▶

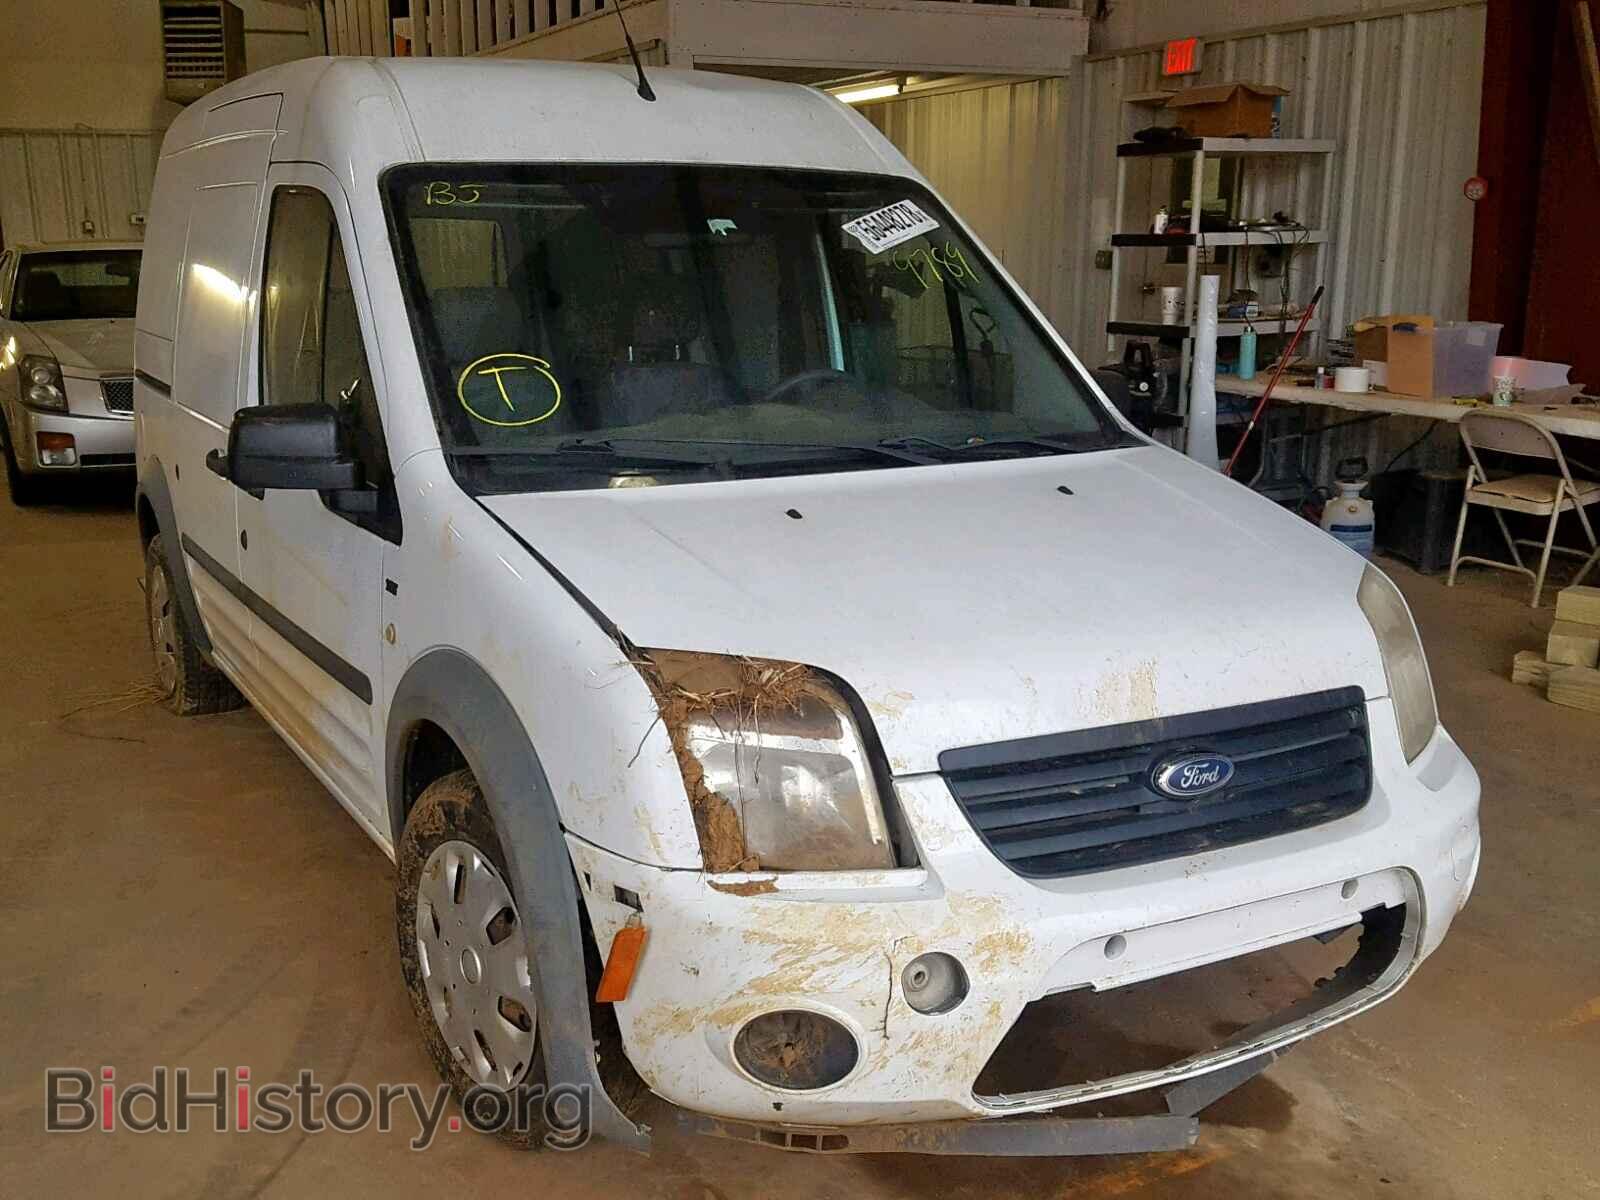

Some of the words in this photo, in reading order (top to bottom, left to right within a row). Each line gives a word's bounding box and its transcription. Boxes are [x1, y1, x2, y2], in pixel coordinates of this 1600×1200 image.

[1167, 39, 1197, 74] EXIT
[855, 203, 924, 241] 56448278
[478, 366, 528, 412] T
[1181, 763, 1220, 788] Ford
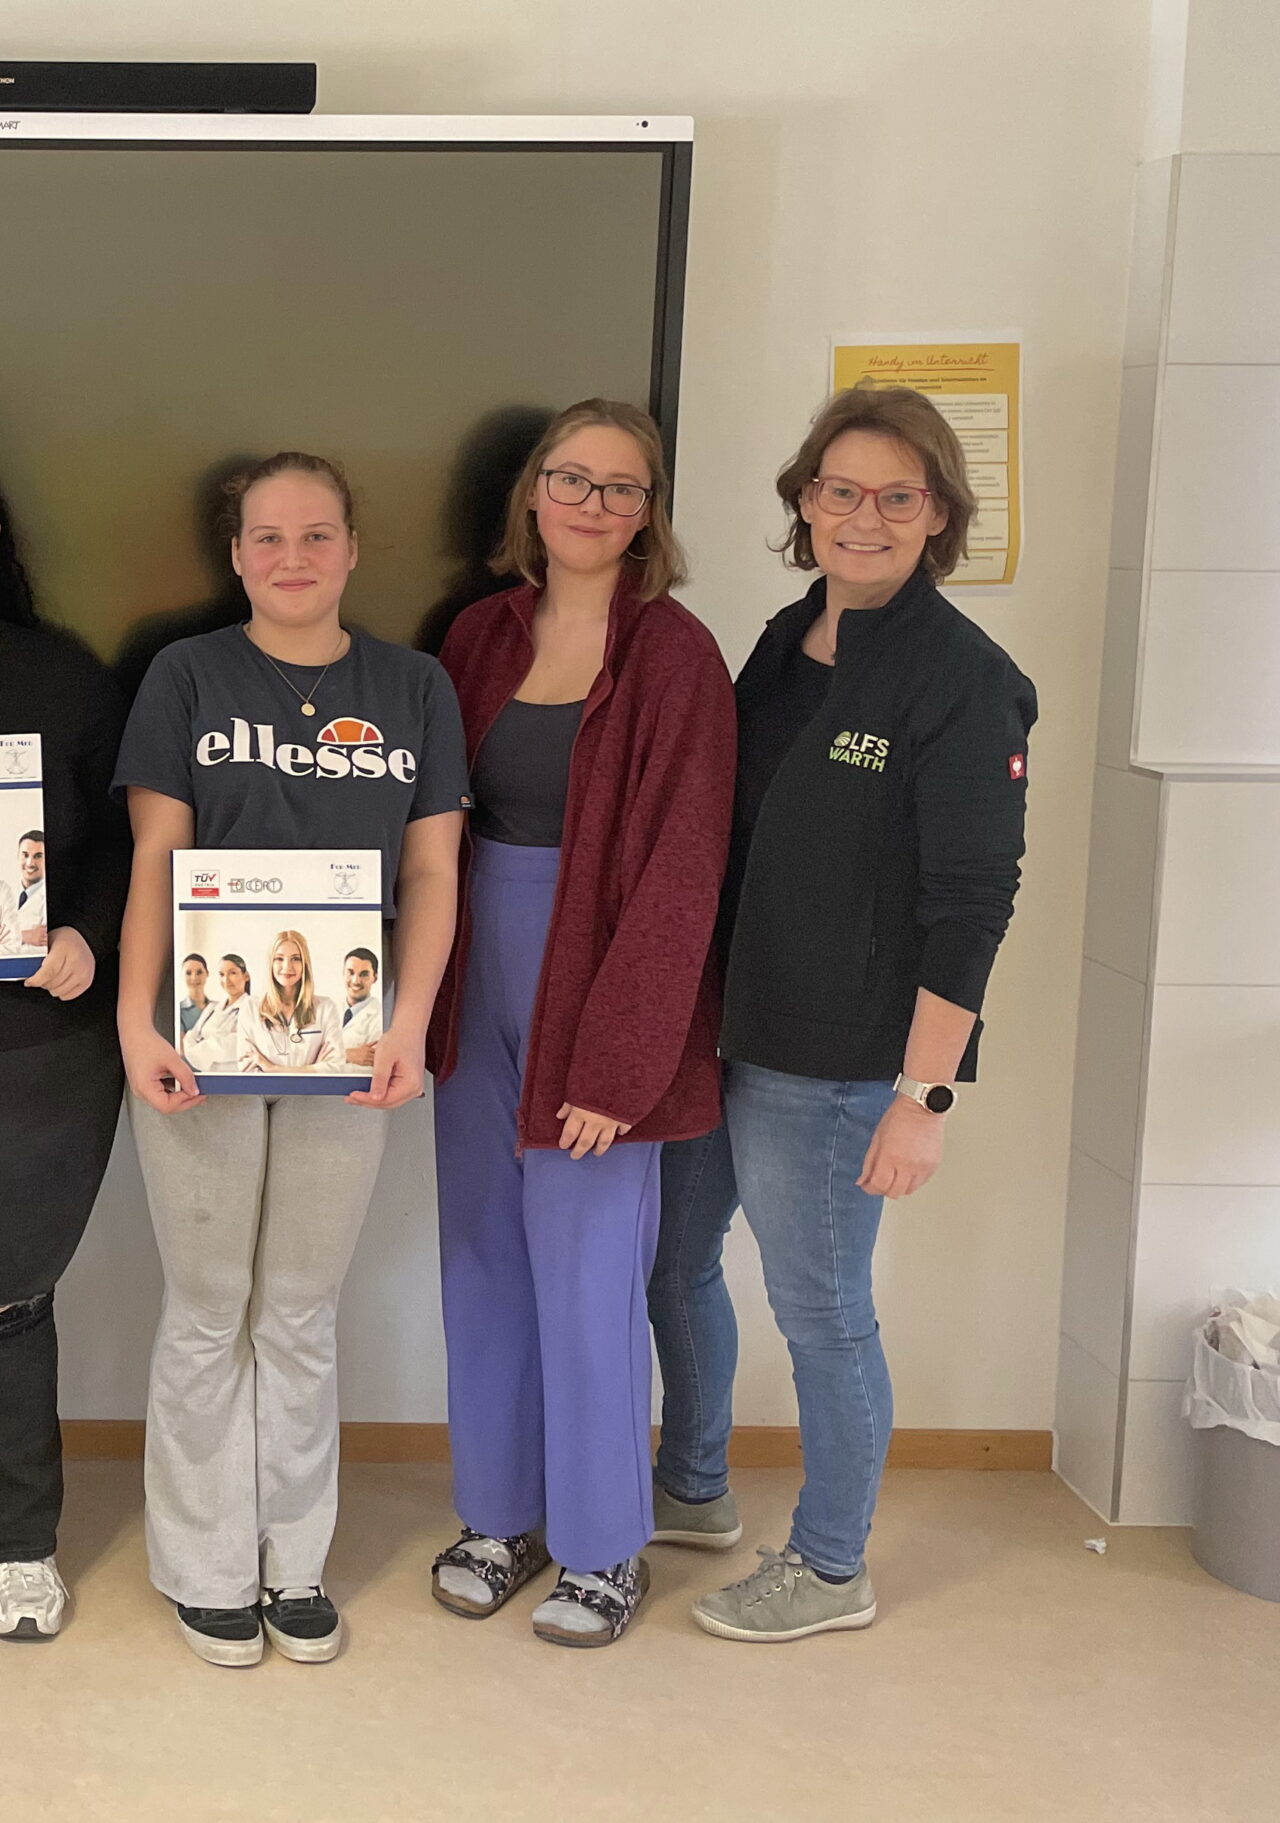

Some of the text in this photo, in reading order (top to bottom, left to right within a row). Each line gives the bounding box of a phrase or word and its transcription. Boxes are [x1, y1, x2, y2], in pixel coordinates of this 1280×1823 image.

[867, 355, 905, 373] Handy
[925, 352, 990, 367] Unterricht
[196, 717, 417, 784] ellesse
[849, 732, 890, 757] LFS
[829, 746, 886, 773] WARTH
[195, 873, 217, 883] TÜV

◀

● HOW TO COMPLETE THIS TASK: All records above must be copied exactly, though the pictures they hold are to be left out.

● SOLUTION TO THE PROBLEM:
Some of the words in this photo, in reading order (top to bottom, left to right within a row). Each line gives a word's bounding box and its transcription. Boxes are [x1, y1, x2, y2], in pixel coordinates of this 1600×1200 image.

[1167, 39, 1197, 74] EXIT
[855, 203, 924, 241] 56448278
[478, 366, 528, 412] T
[1181, 763, 1220, 788] Ford

Some of the text in this photo, in reading order (top to bottom, left to right within a row). Each line gives the bounding box of a phrase or word and its transcription. Boxes are [x1, y1, x2, y2], in pixel coordinates of this 1280×1823 image.

[867, 355, 905, 373] Handy
[925, 352, 990, 367] Unterricht
[196, 717, 417, 784] ellesse
[849, 732, 890, 757] LFS
[829, 746, 886, 773] WARTH
[195, 873, 217, 883] TÜV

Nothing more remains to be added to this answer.